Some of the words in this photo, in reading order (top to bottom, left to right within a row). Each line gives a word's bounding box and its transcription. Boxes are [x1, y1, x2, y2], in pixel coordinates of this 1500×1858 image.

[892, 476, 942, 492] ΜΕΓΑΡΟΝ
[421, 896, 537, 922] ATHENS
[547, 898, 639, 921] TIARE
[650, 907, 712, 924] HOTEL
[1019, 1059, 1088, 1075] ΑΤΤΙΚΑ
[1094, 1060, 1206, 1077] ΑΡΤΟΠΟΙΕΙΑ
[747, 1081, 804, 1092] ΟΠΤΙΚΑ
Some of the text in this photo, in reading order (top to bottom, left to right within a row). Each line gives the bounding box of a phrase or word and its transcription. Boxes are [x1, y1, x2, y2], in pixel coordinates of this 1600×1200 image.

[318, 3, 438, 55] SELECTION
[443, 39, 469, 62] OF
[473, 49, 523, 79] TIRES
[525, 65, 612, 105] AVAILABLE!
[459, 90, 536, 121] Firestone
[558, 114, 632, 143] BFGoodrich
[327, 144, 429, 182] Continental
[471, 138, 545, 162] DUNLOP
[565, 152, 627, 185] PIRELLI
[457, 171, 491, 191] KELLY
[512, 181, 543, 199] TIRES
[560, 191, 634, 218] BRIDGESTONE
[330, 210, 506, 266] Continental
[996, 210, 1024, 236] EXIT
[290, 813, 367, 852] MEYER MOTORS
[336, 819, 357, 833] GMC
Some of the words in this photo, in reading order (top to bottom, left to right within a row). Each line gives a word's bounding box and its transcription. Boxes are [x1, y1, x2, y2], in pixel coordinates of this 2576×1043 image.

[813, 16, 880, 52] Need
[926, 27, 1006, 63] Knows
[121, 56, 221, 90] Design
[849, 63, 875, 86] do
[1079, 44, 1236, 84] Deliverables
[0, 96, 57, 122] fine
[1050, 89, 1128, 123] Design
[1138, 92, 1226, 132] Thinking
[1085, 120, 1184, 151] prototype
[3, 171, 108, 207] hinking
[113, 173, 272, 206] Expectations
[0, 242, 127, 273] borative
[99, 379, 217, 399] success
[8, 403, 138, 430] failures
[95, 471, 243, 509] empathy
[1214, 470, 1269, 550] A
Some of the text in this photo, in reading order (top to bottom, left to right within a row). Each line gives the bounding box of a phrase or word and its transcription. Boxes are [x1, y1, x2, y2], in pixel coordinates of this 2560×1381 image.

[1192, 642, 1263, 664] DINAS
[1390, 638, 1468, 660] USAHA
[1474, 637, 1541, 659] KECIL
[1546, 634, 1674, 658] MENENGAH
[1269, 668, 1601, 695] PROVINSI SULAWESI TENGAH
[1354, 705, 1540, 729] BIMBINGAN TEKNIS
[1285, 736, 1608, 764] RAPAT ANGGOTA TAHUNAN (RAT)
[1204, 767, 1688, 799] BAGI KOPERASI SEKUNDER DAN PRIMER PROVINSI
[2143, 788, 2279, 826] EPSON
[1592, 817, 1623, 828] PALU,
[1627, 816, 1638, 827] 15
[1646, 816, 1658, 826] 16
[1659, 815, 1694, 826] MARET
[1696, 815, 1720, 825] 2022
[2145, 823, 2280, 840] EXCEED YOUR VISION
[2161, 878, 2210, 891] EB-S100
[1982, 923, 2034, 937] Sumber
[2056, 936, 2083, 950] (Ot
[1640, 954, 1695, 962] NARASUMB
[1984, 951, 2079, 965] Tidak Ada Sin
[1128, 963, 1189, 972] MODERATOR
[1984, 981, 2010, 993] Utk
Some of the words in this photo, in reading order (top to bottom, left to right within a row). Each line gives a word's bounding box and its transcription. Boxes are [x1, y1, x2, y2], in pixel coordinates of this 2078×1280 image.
_ _ _ _ _ _ _
-- Aim of the exercise --
All of the records should be transcribed exactly, with nothing left out.

-- Solution to this task --
Some of the words in this photo, in reading order (top to bottom, left to right within a row). Each line gives a word's bounding box and its transcription. Boxes are [x1, y1, x2, y2], in pixel coordinates of this 1500×1858 image.

[892, 476, 942, 492] ΜΕΓΑΡΟΝ
[421, 896, 537, 922] ATHENS
[547, 898, 639, 921] TIARE
[650, 907, 712, 924] HOTEL
[1019, 1059, 1088, 1075] ΑΤΤΙΚΑ
[1094, 1060, 1206, 1077] ΑΡΤΟΠΟΙΕΙΑ
[747, 1081, 804, 1092] ΟΠΤΙΚΑ
Some of the text in this photo, in reading order (top to bottom, left to right within a row). Each line gives the bounding box of a phrase or word and its transcription. Boxes are [x1, y1, x2, y2], in pixel coordinates of this 1600×1200 image.

[318, 3, 438, 55] SELECTION
[443, 39, 469, 62] OF
[473, 49, 523, 79] TIRES
[525, 65, 612, 105] AVAILABLE!
[459, 90, 536, 121] Firestone
[558, 114, 632, 143] BFGoodrich
[327, 144, 429, 182] Continental
[471, 138, 545, 162] DUNLOP
[565, 152, 627, 185] PIRELLI
[457, 171, 491, 191] KELLY
[512, 181, 543, 199] TIRES
[560, 191, 634, 218] BRIDGESTONE
[330, 210, 506, 266] Continental
[996, 210, 1024, 236] EXIT
[290, 813, 367, 852] MEYER MOTORS
[336, 819, 357, 833] GMC
Some of the words in this photo, in reading order (top to bottom, left to right within a row). Each line gives a word's bounding box and its transcription. Boxes are [x1, y1, x2, y2], in pixel coordinates of this 2576×1043 image.

[813, 16, 880, 52] Need
[926, 27, 1006, 63] Knows
[121, 56, 221, 90] Design
[849, 63, 875, 86] do
[1079, 44, 1236, 84] Deliverables
[0, 96, 57, 122] fine
[1050, 89, 1128, 123] Design
[1138, 92, 1226, 132] Thinking
[1085, 120, 1184, 151] prototype
[3, 171, 108, 207] hinking
[113, 173, 272, 206] Expectations
[0, 242, 127, 273] borative
[99, 379, 217, 399] success
[8, 403, 138, 430] failures
[95, 471, 243, 509] empathy
[1214, 470, 1269, 550] A
Some of the text in this photo, in reading order (top to bottom, left to right within a row). Each line gives the bounding box of a phrase or word and its transcription. Boxes are [x1, y1, x2, y2], in pixel coordinates of this 2560×1381 image.

[1192, 642, 1263, 664] DINAS
[1390, 638, 1468, 660] USAHA
[1474, 637, 1541, 659] KECIL
[1546, 634, 1674, 658] MENENGAH
[1269, 668, 1601, 695] PROVINSI SULAWESI TENGAH
[1354, 705, 1540, 729] BIMBINGAN TEKNIS
[1285, 736, 1608, 764] RAPAT ANGGOTA TAHUNAN (RAT)
[1204, 767, 1688, 799] BAGI KOPERASI SEKUNDER DAN PRIMER PROVINSI
[2143, 788, 2279, 826] EPSON
[1592, 817, 1623, 828] PALU,
[1627, 816, 1638, 827] 15
[1646, 816, 1658, 826] 16
[1659, 815, 1694, 826] MARET
[1696, 815, 1720, 825] 2022
[2145, 823, 2280, 840] EXCEED YOUR VISION
[2161, 878, 2210, 891] EB-S100
[1982, 923, 2034, 937] Sumber
[2056, 936, 2083, 950] (Ot
[1640, 954, 1695, 962] NARASUMB
[1984, 951, 2079, 965] Tidak Ada Sin
[1128, 963, 1189, 972] MODERATOR
[1984, 981, 2010, 993] Utk
Some of the words in this photo, in reading order (top to bottom, left to right within a row). Each line gives a word's bounding box and its transcription. Boxes are [x1, y1, x2, y2], in pixel coordinates of this 2078×1280 image.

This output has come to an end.